Belly dance is, like many other forms of art, misunderstood.
Local and international dancers of the ancient form agree that pop culture interpretations, such as the over-sexualized fantasies of men depicted in spy movies during the belly dance scenes, have detracted from the truer aspects of the tradition.
Chattanooga audiences will have an opportunity this weekend to witness what the dance is really all about during an intimate evening of improvisational and traditional Middle Eastern dance in the C.C. Bond Auditorium at Chattanooga State Community College.
Headlining the evening will be a performance featuring six star dancers from the world-touring Bellydance Superstars, performing together for the monthlong Club Bellydance tour.
Promoters with the Bellydance Superstars, who have produced 800 dance performances in 23 countries, believe the ancient art form has a much more universal and mainstream appeal, and they aim to do for belly dance what Riverdance did for Irish music and dance across the globe.
“When you see the actual art of belly dancing, you can find appreciation in the music, the costuming and the strength of the women performing. This is about women expressing themselves beautifully on stage. It showcases the ability of a woman to be soft and strong,” BDSS dancer Moria Chappell said.

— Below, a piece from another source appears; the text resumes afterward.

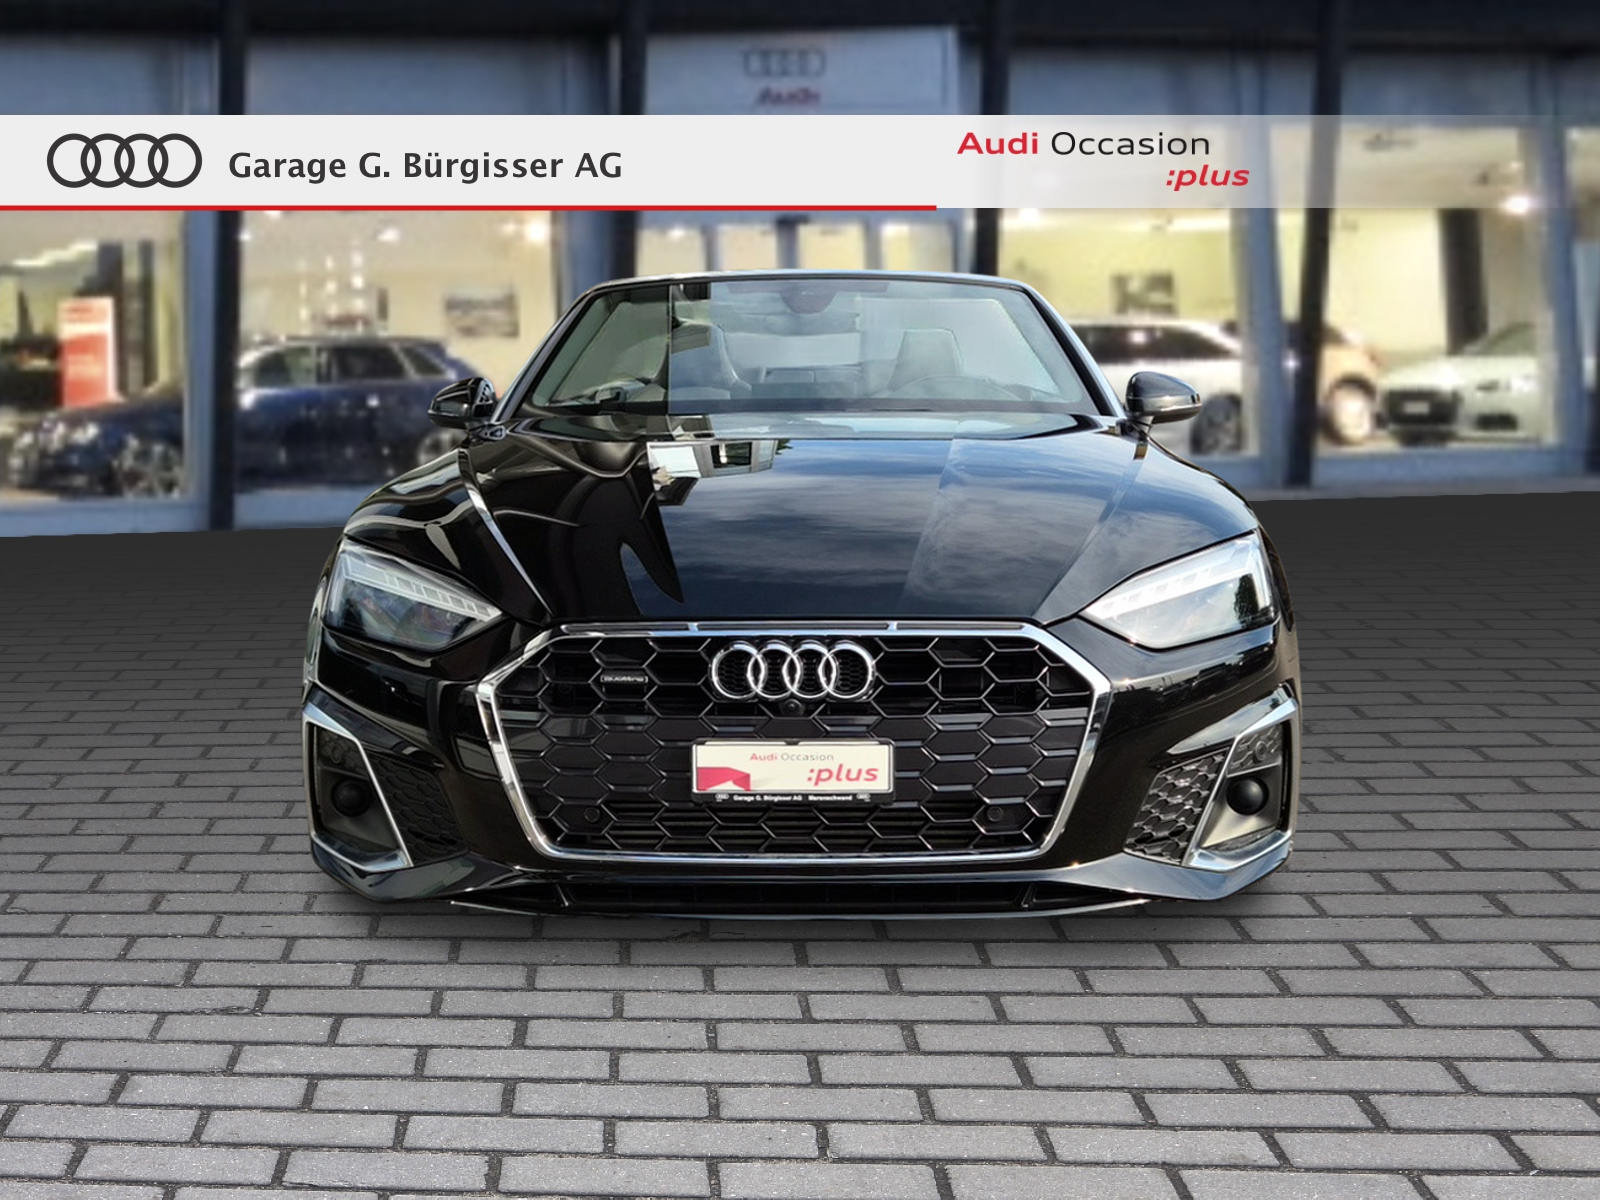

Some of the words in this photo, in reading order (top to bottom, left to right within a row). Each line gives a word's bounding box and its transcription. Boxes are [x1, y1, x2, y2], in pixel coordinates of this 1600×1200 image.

Chappell, whose dancer profile page describes her as “feminine and fierce,” will be performing and teaching in Chattanooga this weekend.
Although Chappell and the other dancers, Sabah, Petite Jamilla, Lauren, Stefanya and Sabrina, were a part of what has been called the “biggest belly dance shows ever produced,” the smaller “club” performances, like the one this weekend in Chattanooga, are a way for them to connect to the communities where they perform.

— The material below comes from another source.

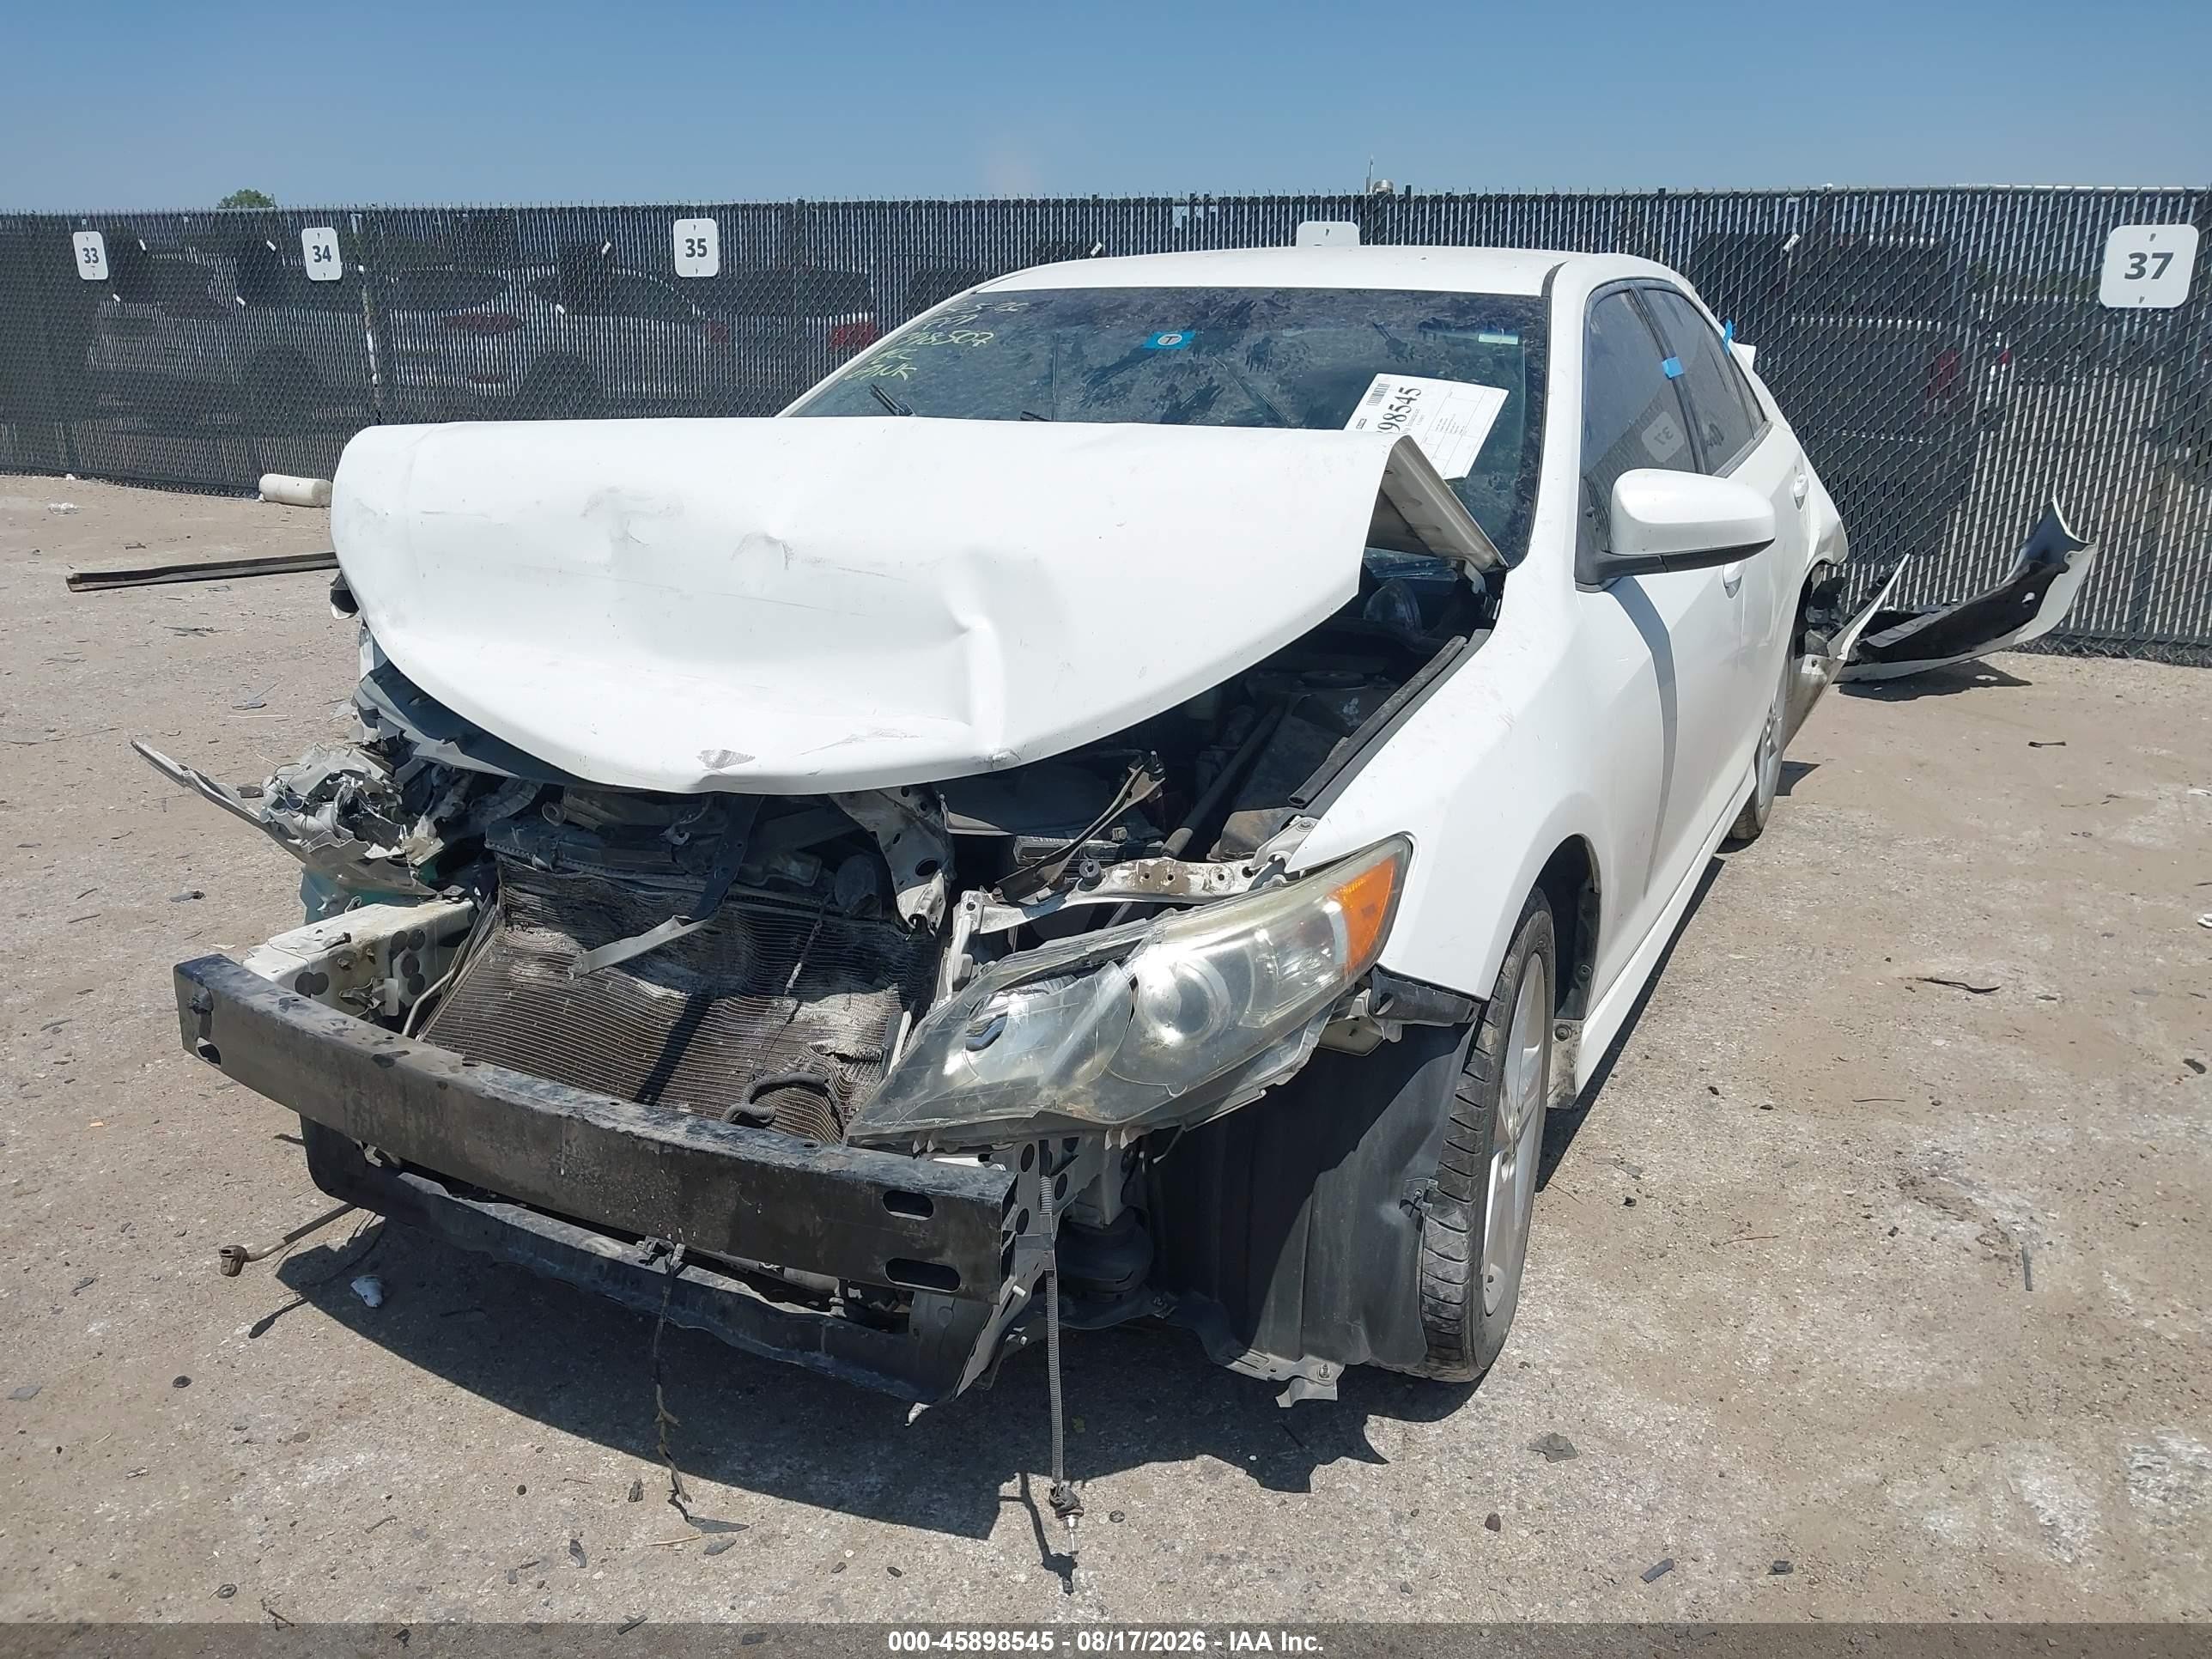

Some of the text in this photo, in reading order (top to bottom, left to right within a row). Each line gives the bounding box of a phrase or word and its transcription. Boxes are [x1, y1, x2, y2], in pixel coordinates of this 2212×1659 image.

“This helps create a tighter-knit energy. You will feel like you are a part of it while you are watching,” Chappell said.
Audiences will also be treated to some of the more contemporary interpretations and fusions of belly dance. Newly choreographed dances will be presented as part of the tour’s aim to also provide the dancers a chance to try new ideas not possible in the full theater show.
This celebrating of new, improvisational and collaborative forms of belly dance will begin with the local Dandasha Dance Company, which has been invited to give an opening performance.
More than a dozen local dancers with Dandasha will perform during a 35-minute slot before the superstars take the stage. The opening program includes group dances performed by the local company as well as several solos.
Dickerson said it will also mark one of the last performances with her long-time dance partner, Mattie Waters, as Waters pursues an acting career in New York City. The two will perform two duets, one choreographed and the other completely improvised.
Improvisation and collaboration are Dickerson’s favorite ways of creating in dance. “To be able to dance and communicate with each other nonverbally is pretty exciting,” Dickerson said.
Belly dance boot camp
The belly dance boot camp lead by Chappell is for all levels, but beginners should have some basic understanding of the “vocabulary,” Dickerson said. Learning how to isolate small muscles above and below the belly-“the muscles between the muscles”-can be done at any level of experience. “If you have more of a connection with your own body you will pick up things faster, but all the exercises are the same for everybody,” Chappell said.
On stage, audiences can see Chappell and the others in full command of their strengthened, isolated muscles as they “articulate” each move with very specific contractions timed to each beat of the music.
“The dancers are really pulling the beats into their bodies, which is part of what makes belly dancing alluring to people. The dancers internalize the music as opposed to tap and ballet dancers,” Chappell said.
Dickerson said she hopes Chattanoogans will come out and support the show, which she said is one of the bigger productions devoted just to dance to come to the city.
“Dance is more underground than the music scene here, but the dance community is huge. Dance is another form of entertainment … I’d like it to be on the forefront of people’s minds as an option to consider a dance production as something to go check out,” Dickerson said.
Plan to go: Performance
What: Club Bellydance
When: Saturday, March 10, 7 p.m.
Where: C.C. Bond Humanities Auditorium, Chattanooga State Community College
How much: $20 in advance, $25 day of show
Plan to go: Boot camp
What: Moria Chappell belly dance boot camp
When: Saturday, March 10, 10:15 a.m.
Where: Zanzibar Studios, 600 Georgia Ave.